• Exercise
Transcribe every record verbatim; no pictures.

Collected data
'''

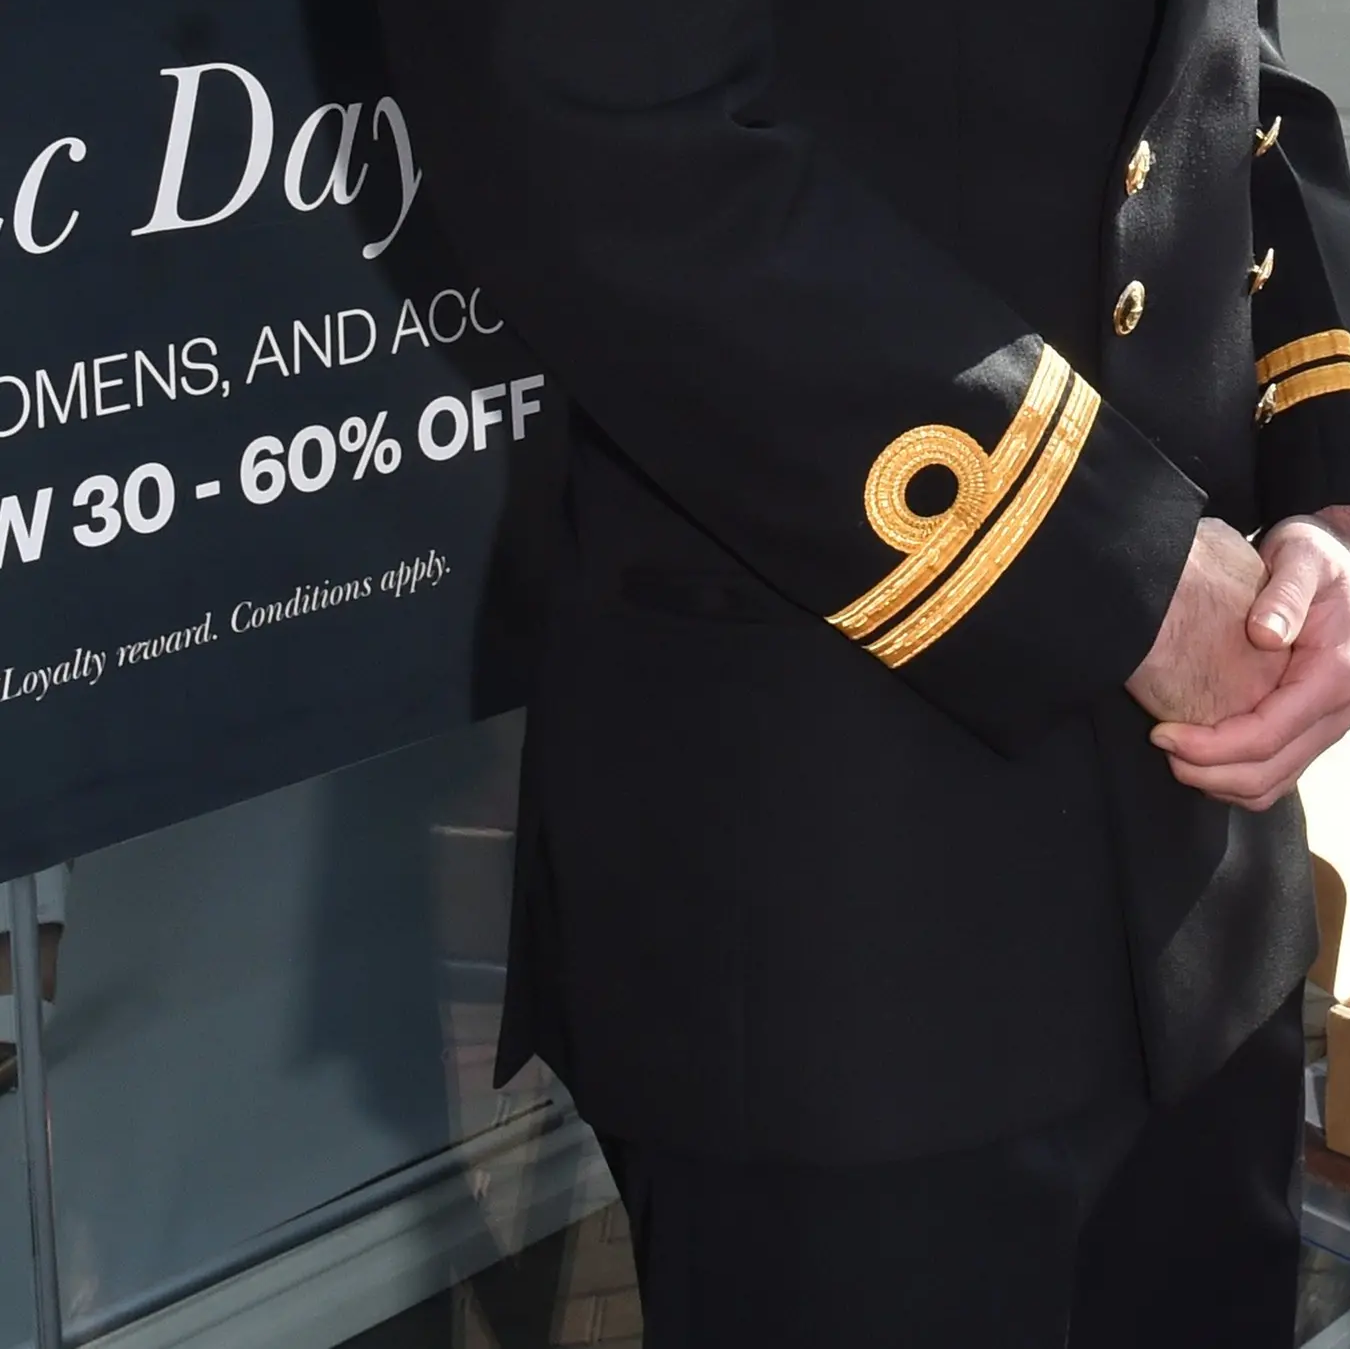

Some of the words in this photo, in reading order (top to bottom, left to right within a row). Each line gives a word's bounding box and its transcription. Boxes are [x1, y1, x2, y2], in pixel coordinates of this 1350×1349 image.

[130, 62, 422, 260] Day
[246, 308, 377, 385] AND
[72, 462, 176, 548] 30
[195, 479, 221, 500] -
[239, 410, 402, 505] 60%
[417, 374, 545, 462] OFF
[0, 647, 107, 702] Loyalty
[117, 611, 218, 668] reward.
[230, 579, 373, 634] Conditions
[380, 549, 451, 599] apply.

'''

• Written solution
Some of the words in this photo, in reading order (top to bottom, left to right within a row). Each line gives a word's bounding box and its transcription. Boxes are [x1, y1, x2, y2], in pixel coordinates of this 1350×1349 image.

[130, 62, 422, 260] Day
[246, 308, 377, 385] AND
[72, 462, 176, 548] 30
[195, 479, 221, 500] -
[239, 410, 402, 505] 60%
[417, 374, 545, 462] OFF
[0, 647, 107, 702] Loyalty
[117, 611, 218, 668] reward.
[230, 579, 373, 634] Conditions
[380, 549, 451, 599] apply.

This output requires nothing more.